Rastlantısallığı evrimsel biyoloji çerçevesinde ele aldığımız önceki yazılarımızda genetik sürüklenme ve doğal seçilimin rastlantısallığından bahsetmiştik. Evrimsel açıdan rastlantısallığın önemli bir diğer ayağı ise mutasyonun tesadüfiliği üzerine kuruludur.

Mutasyon bir gendeki ya da Mendel kalıtımıyla aktarılan herhangi bir genetik birimdeki değişimi ifade eder.
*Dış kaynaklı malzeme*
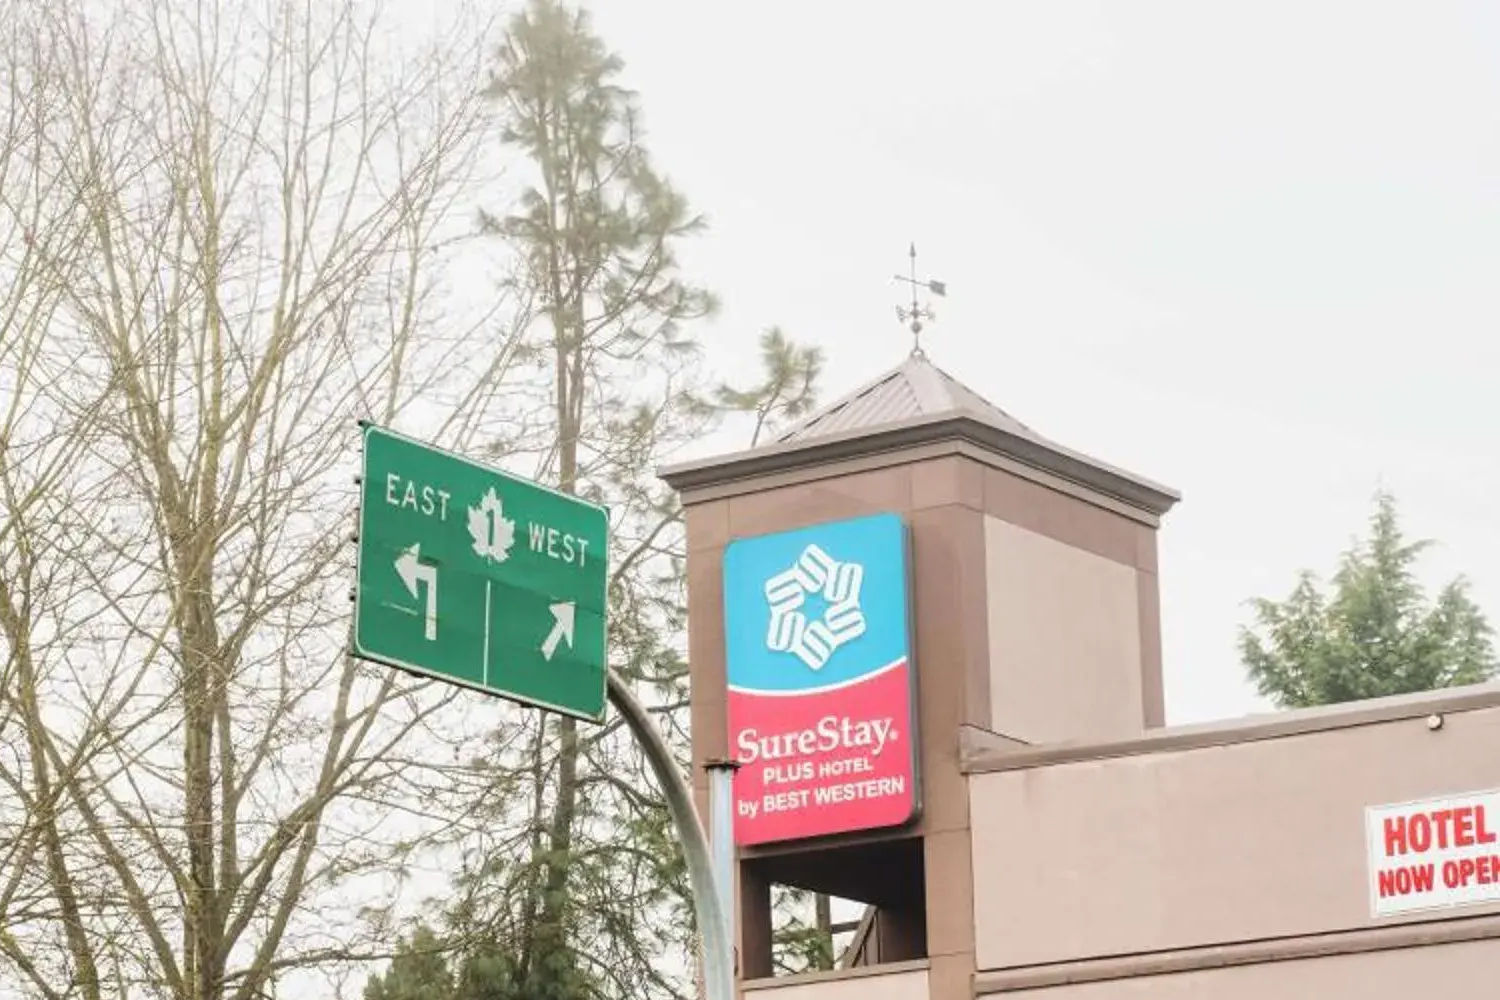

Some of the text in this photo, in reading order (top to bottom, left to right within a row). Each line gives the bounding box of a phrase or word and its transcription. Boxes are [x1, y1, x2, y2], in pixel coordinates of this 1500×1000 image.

[385, 472, 451, 521] EAST
[528, 521, 589, 567] WEST
[763, 757, 874, 785] PLUS HOTEL
[738, 775, 905, 819] by BEST WESTERN
[1384, 805, 1496, 856] HOTEL
[1379, 863, 1435, 898] NOW
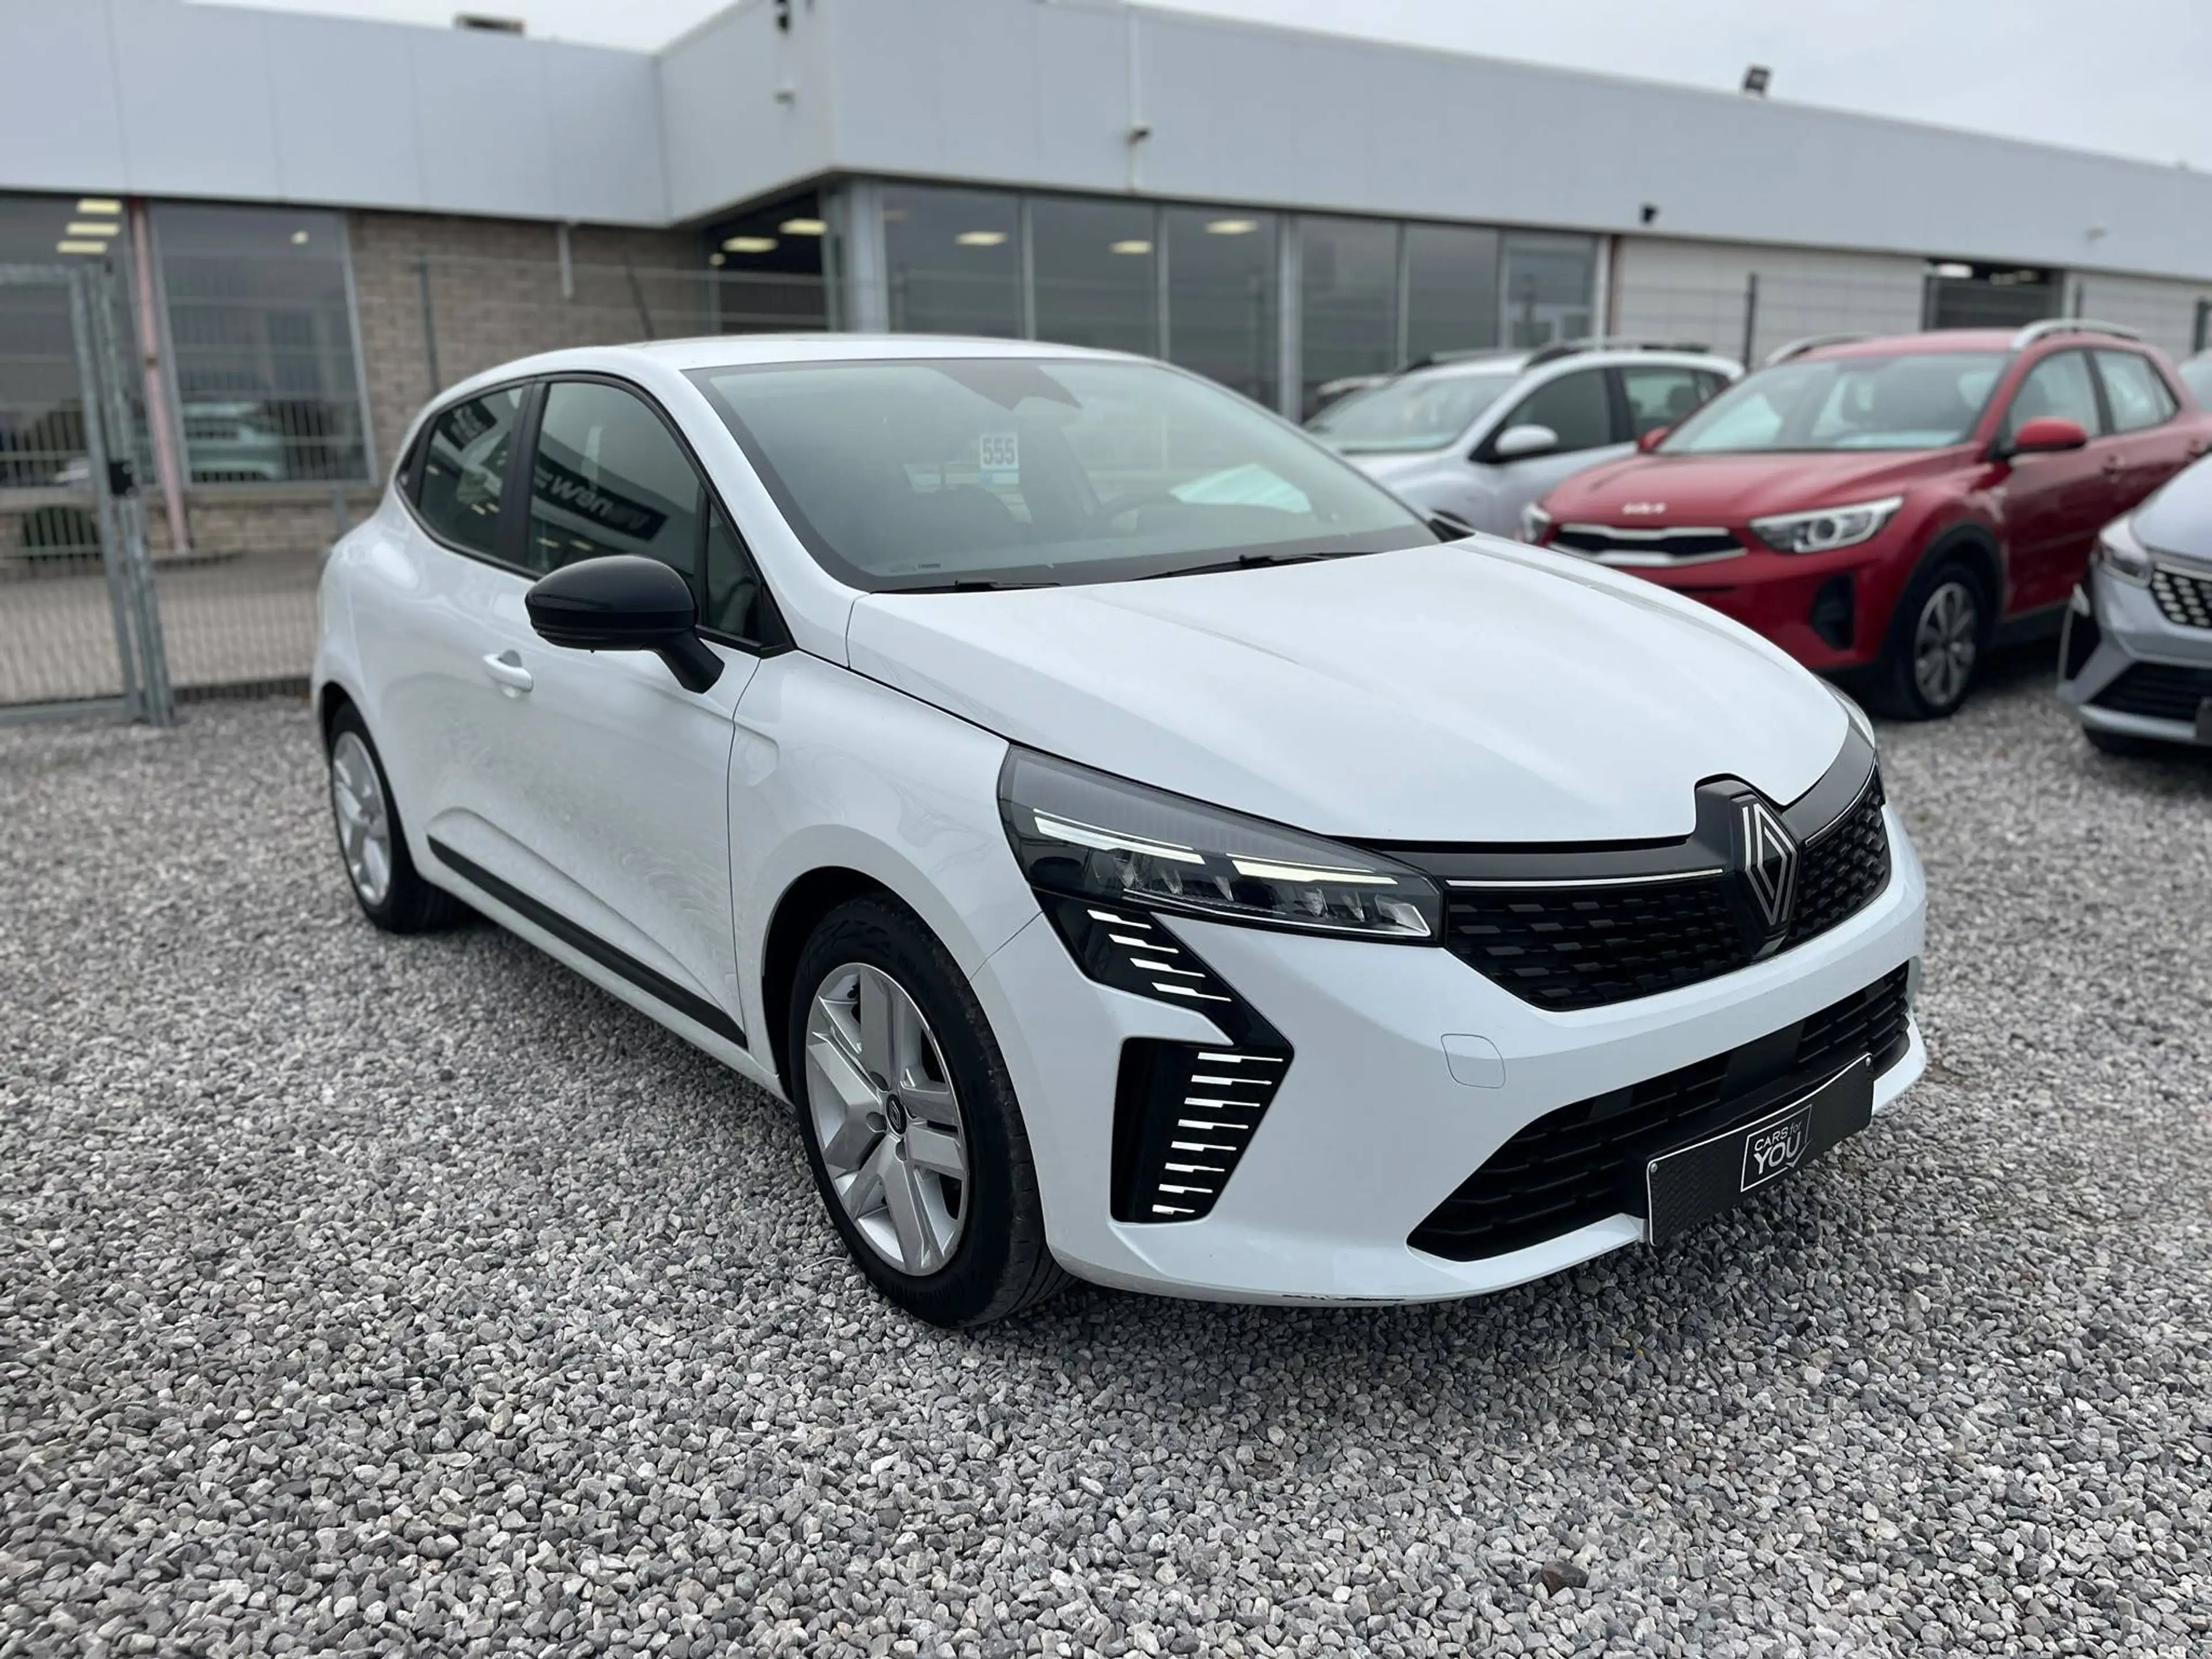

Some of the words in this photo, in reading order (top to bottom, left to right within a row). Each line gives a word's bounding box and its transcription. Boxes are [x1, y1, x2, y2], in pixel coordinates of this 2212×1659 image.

[983, 437, 1016, 465] 555
[1755, 1126, 1789, 1151] CARS
[1789, 1120, 1802, 1135] for
[1753, 1131, 1801, 1175] YOU
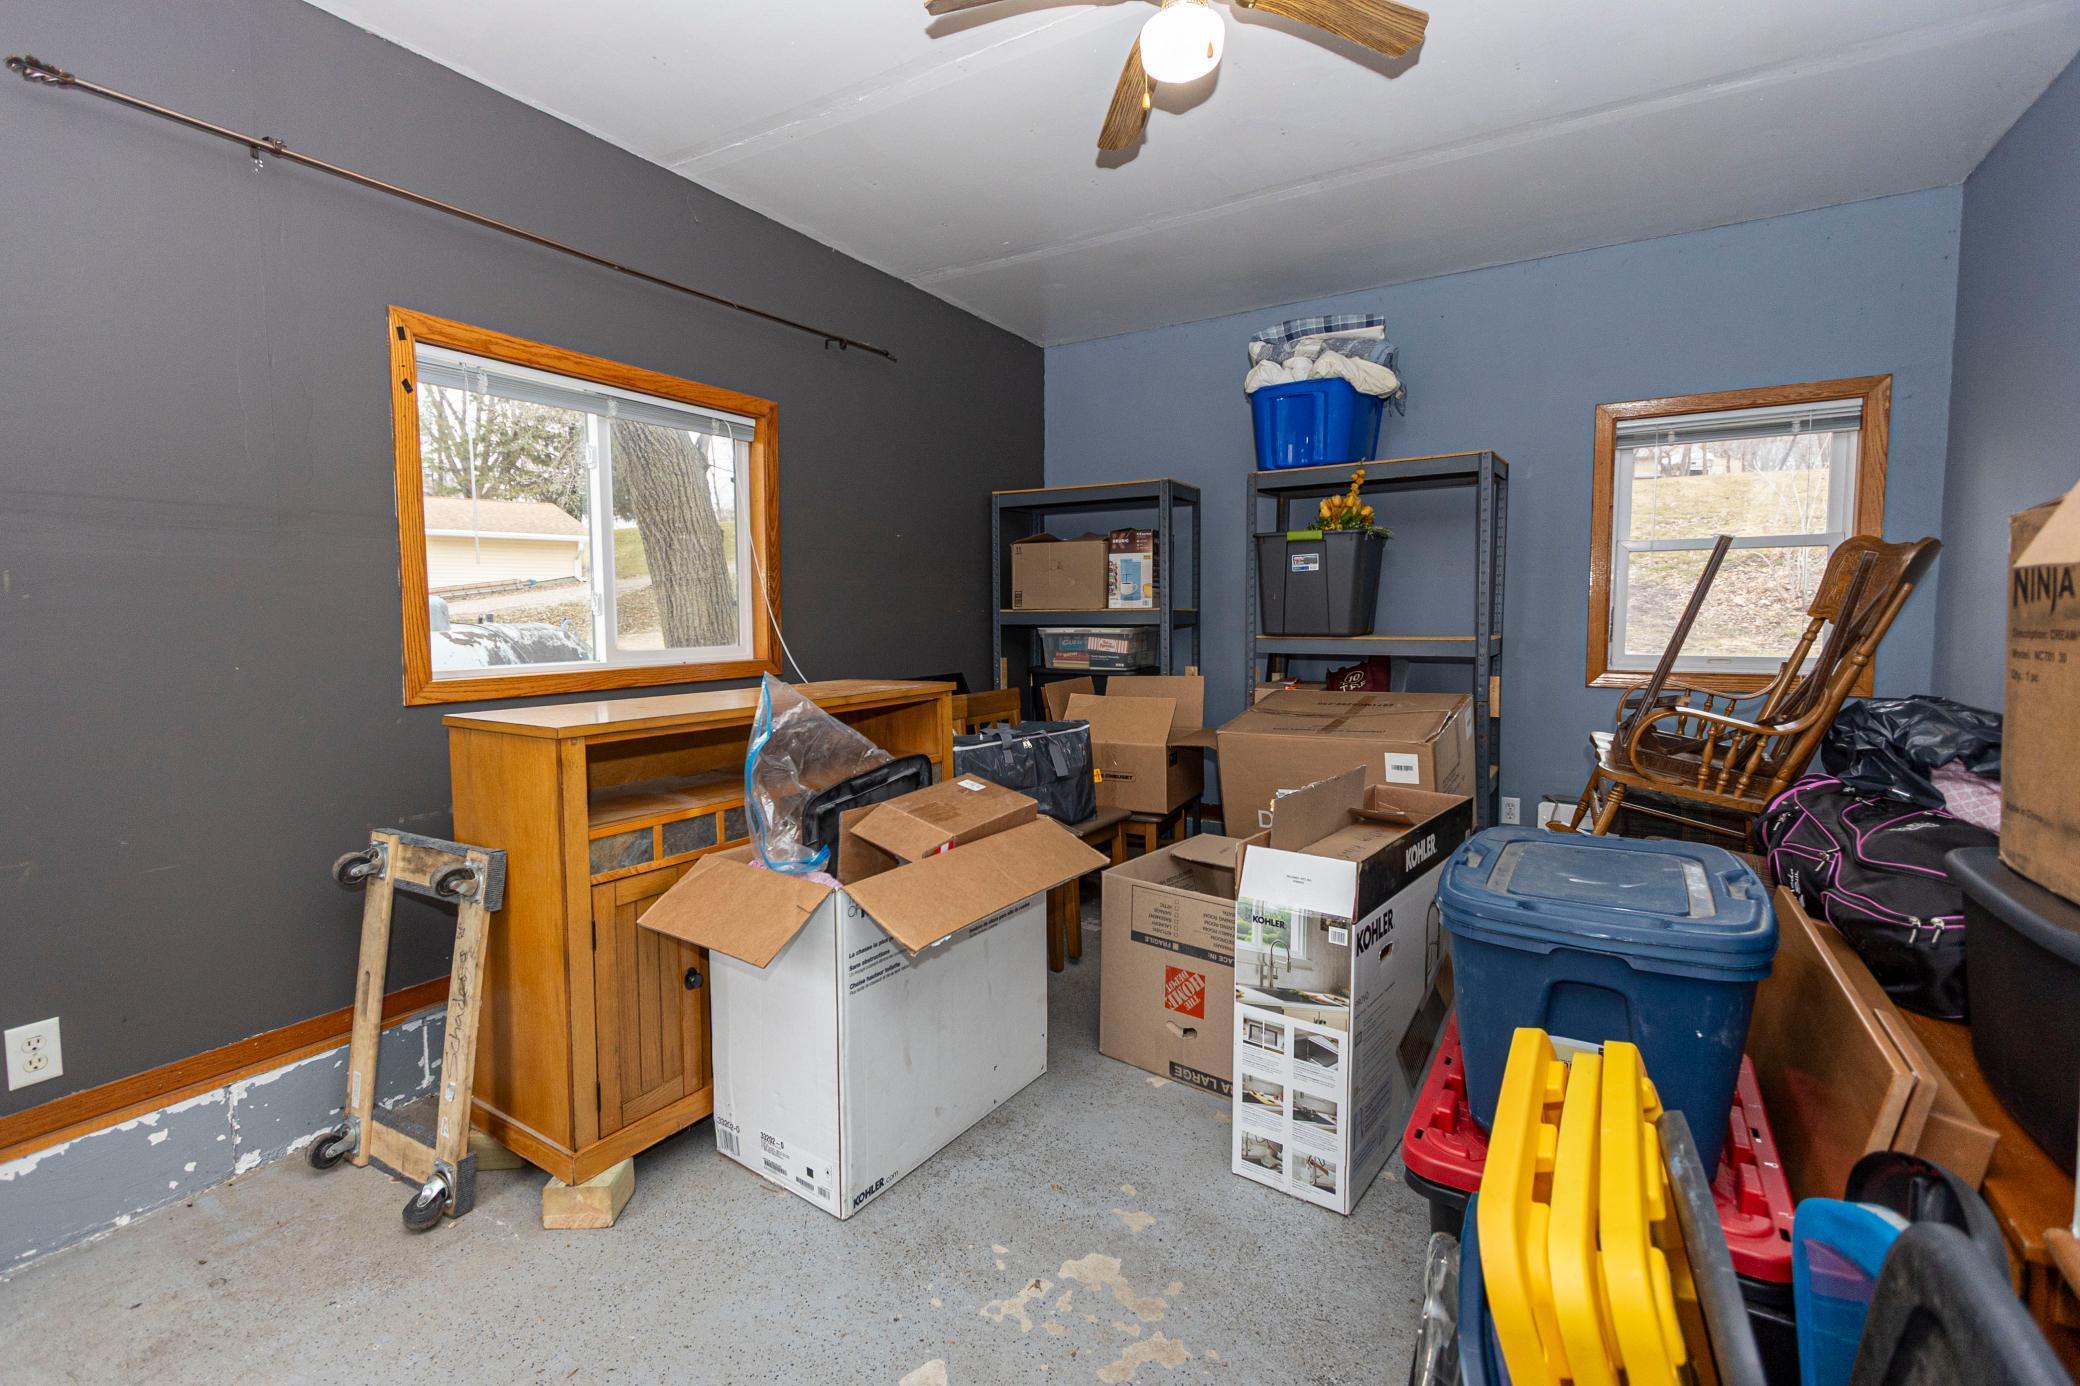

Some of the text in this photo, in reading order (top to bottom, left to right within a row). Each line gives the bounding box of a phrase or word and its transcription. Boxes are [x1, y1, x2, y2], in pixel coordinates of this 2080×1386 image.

[2013, 566, 2075, 616] NINJA
[1405, 833, 1437, 872] KOHLER
[1202, 926, 1217, 934] ROOM
[1252, 915, 1285, 929] KOHLER
[1356, 908, 1394, 957] KOHLER
[1144, 936, 1172, 949] FRAGILE
[1218, 955, 1234, 964] ACE
[1165, 970, 1190, 993] DEPOT
[1167, 974, 1205, 1010] HOME
[1183, 995, 1200, 1011] THE
[1174, 1066, 1217, 1090] LARGE
Tarihsel olarak mutasyonun anlamı kalıtımsal “bozunma” olmakla birlikte, modern genetiğin bağlamında kalıtımsal birimlerdeki değişebilirlik şeklinde ifade edilir. Bir türün kromozomundaki belli bir bölgedeki, örneğin kopma o bölge açısından bir mutasyondur. Bölgeye yapılan, örneğin hareketli genetik sebebiyle yapılan bir ekleme de mutasyondur. Ya da, belli bir kromozom bölgesinin kopup aynı yere ama öncekine göre ters bir oryantasyonda yapışması da bir mutasyondur zira böyle bir değişim o bölgedeki gen sırasını değiştirip üreme ile belirli bir genetik dizilimin korunarak aktarılmasını sağlayabilir. Hatta bir canlı kromozomlardan birini ya da daha fazlasını tamamen yitirir ya da iki farklı türün kromozomlarının birleşmesiyle daha başarılı ve yeni türler ortaya çıkabilir. Bu son durum bitkilerde sıkça görülür. DNA ölçeğinde ise pek çok mutasyon türü vardır ve bunların bir kısmı kromozon düzeyi açısından anlattıklarımızın minyatür şekilleridir adeta. Özellikle DNA hücre bölünmesi sürecinde çoğaltılırken ortaya çıkan hatalar sonucu pek çok mutasyon ortaya çıkar. Oluşan mutasyonlar genlerin ürünlerini değiştirirler ve çoğunlukla etkileri zararlıdır denilebilir. Ancak belirli oranlarda “avantajlı” mutasyonlarda ortaya çıkar ve bunlar da evrimsel zaman içinde, diğer evrimsel kuvvetlerin etkisiyle evrimsel dönüşümü ve yeniliği sağlarlar. Aslında herhangi bir türün genomu çevresiyle dinamik etkileşim içinde bulunduğundan, zararlı ve yararlı mutasyon tanımları tarihsel bir bağlam içinde anlam kazanırlar.Örneğin AIDS’e direnç sağlayan mutasyon ilgili gendeki bir kopukluktan kaynaklanan bir “bozukluktur” ve pek çok salgın hastalığa direnç sağladığından ötürü de insanlık tarihinde çok uzun süredir bazı toplumlarda yaygın olarak bulunduğu bilinmektedir.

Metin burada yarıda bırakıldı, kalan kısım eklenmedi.